(Stored data entries)
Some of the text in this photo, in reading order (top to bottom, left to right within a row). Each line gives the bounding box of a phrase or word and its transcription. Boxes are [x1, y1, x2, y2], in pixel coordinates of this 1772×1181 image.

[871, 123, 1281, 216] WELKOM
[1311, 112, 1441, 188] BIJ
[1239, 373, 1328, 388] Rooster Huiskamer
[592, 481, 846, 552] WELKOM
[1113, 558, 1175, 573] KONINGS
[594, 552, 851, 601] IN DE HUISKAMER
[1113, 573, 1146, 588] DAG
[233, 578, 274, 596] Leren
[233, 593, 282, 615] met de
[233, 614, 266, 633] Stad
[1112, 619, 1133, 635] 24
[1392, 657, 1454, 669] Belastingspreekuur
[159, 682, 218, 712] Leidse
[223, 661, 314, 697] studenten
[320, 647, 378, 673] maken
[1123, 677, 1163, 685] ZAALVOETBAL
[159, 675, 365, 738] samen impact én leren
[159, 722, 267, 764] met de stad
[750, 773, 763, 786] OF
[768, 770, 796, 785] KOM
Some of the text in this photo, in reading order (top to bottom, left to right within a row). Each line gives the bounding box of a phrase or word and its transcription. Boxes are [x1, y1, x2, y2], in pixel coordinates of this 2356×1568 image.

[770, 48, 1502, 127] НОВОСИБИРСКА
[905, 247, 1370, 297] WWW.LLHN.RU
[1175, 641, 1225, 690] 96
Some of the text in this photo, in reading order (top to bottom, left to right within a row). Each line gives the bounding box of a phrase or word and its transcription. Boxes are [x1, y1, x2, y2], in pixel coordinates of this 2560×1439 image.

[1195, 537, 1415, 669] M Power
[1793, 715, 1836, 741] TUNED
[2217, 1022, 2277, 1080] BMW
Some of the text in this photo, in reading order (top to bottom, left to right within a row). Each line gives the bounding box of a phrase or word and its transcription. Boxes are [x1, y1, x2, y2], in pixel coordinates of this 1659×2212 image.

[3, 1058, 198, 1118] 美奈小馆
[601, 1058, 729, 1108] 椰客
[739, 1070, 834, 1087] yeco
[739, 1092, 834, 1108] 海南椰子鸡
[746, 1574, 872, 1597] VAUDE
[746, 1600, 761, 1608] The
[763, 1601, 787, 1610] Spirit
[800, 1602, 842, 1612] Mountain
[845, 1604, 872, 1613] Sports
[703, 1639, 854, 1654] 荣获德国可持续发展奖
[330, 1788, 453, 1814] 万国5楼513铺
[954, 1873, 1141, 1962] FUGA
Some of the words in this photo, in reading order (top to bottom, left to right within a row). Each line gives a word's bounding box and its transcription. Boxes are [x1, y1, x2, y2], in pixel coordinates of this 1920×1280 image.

PROBLEM STATEMENT -> Reproduce every entry above so that each one matches its source exactly.

SOLUTION FOR THIS TASK ->
Some of the text in this photo, in reading order (top to bottom, left to right within a row). Each line gives the bounding box of a phrase or word and its transcription. Boxes are [x1, y1, x2, y2], in pixel coordinates of this 1772×1181 image.

[871, 123, 1281, 216] WELKOM
[1311, 112, 1441, 188] BIJ
[1239, 373, 1328, 388] Rooster Huiskamer
[592, 481, 846, 552] WELKOM
[1113, 558, 1175, 573] KONINGS
[594, 552, 851, 601] IN DE HUISKAMER
[1113, 573, 1146, 588] DAG
[233, 578, 274, 596] Leren
[233, 593, 282, 615] met de
[233, 614, 266, 633] Stad
[1112, 619, 1133, 635] 24
[1392, 657, 1454, 669] Belastingspreekuur
[159, 682, 218, 712] Leidse
[223, 661, 314, 697] studenten
[320, 647, 378, 673] maken
[1123, 677, 1163, 685] ZAALVOETBAL
[159, 675, 365, 738] samen impact én leren
[159, 722, 267, 764] met de stad
[750, 773, 763, 786] OF
[768, 770, 796, 785] KOM
Some of the text in this photo, in reading order (top to bottom, left to right within a row). Each line gives the bounding box of a phrase or word and its transcription. Boxes are [x1, y1, x2, y2], in pixel coordinates of this 2356×1568 image.

[770, 48, 1502, 127] НОВОСИБИРСКА
[905, 247, 1370, 297] WWW.LLHN.RU
[1175, 641, 1225, 690] 96
Some of the text in this photo, in reading order (top to bottom, left to right within a row). Each line gives the bounding box of a phrase or word and its transcription. Boxes are [x1, y1, x2, y2], in pixel coordinates of this 2560×1439 image.

[1195, 537, 1415, 669] M Power
[1793, 715, 1836, 741] TUNED
[2217, 1022, 2277, 1080] BMW
Some of the text in this photo, in reading order (top to bottom, left to right within a row). Each line gives the bounding box of a phrase or word and its transcription. Boxes are [x1, y1, x2, y2], in pixel coordinates of this 1659×2212 image.

[3, 1058, 198, 1118] 美奈小馆
[601, 1058, 729, 1108] 椰客
[739, 1070, 834, 1087] yeco
[739, 1092, 834, 1108] 海南椰子鸡
[746, 1574, 872, 1597] VAUDE
[746, 1600, 761, 1608] The
[763, 1601, 787, 1610] Spirit
[800, 1602, 842, 1612] Mountain
[845, 1604, 872, 1613] Sports
[703, 1639, 854, 1654] 荣获德国可持续发展奖
[330, 1788, 453, 1814] 万国5楼513铺
[954, 1873, 1141, 1962] FUGA
Some of the words in this photo, in reading order (top to bottom, left to right within a row). Each line gives a word's bounding box and its transcription. Boxes are [x1, y1, x2, y2], in pixel coordinates of this 1920×1280 image.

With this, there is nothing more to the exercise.